La mise en place de "co-interventions et des échanges de services inter-degrés" peut être une bonne chose. Pourtant cela doit bien reposer avant tout sur la base du volontariat des collègues. Il faut surtout reconnaître les difficultés de mise en place sur le terrain. Si l’expérimentation peut être souhaitable dans des cas circonscrits et avec des moyens supplémentaires, la généra-lisation pourrait entraîner des dérogations au statut des enseignant-e-s.

En cela, le décret rejoint précisément les propositions du député UMP-LR du Bas-Rhin, F. Reiss, qui en septembre 2010, préconisait, dans son rapport, la disparition des écoles par la création d’EPEP, l’assou-plissement de la gestion des personnels en généralisant « les échanges d’enseignants entre le 1er et le second degré », « la création d’éta-blissements publics du socle commun de 6 à 16 ans qui rassembleraient des écoles et un collège en une seule entité ». Le risque serait, par exemple, de faire remplacer les certifiés par des PE. Quelle aubaine ! Au prorata temporis, c’est une belle occasion de faire des économies budgétaires !

Le conseil école-collège, comment cela fonctionne ?

Ce conseil doit se réunir au moins 2 fois par an.

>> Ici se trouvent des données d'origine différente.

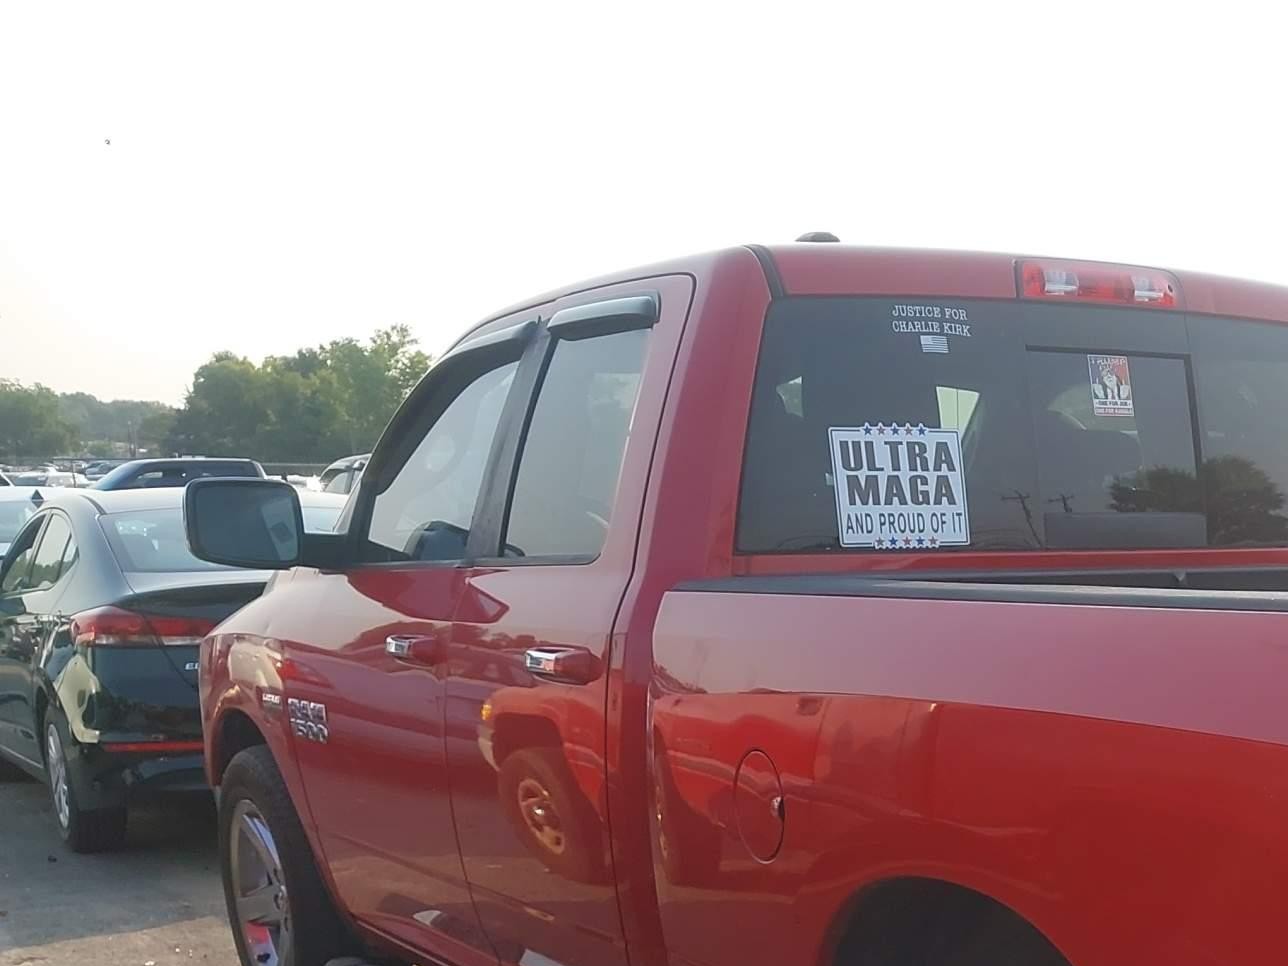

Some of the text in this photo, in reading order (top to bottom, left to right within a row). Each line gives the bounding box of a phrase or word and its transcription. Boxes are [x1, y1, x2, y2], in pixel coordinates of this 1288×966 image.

Le nombre de participants est fixé conjointement par l’IEN et le-la principal-e du collège. La représentation entre le collège et les écoles du secteur doit être égale. L’IEN désigne les membres du conseil des maîtres-ses de chacune des écoles du secteur, après proposition des conseils des maîtres de chacune de ces écoles.

Il faut donc rappeler que la participation est basée sur le seul volontariat. Aucun collègue, adjoint-e ou directeur-trice, ne peut être contraint de participer à ce conseil. Quelle est la base démocratique régissant la désignation ? Aucune ! Au moins, le conseil des maîtres-ses intègre tous les collègues concernés. Or, selon les départements, des choses diverses et variées se mettent en place. Ainsi, le DASEN de Paris oblige tous les collègues de CM2 à participer au conseil, celui des Hauts-de-Seine et celle de la Mayenne font entrer dans les 108 heures la participation à ce même conseil.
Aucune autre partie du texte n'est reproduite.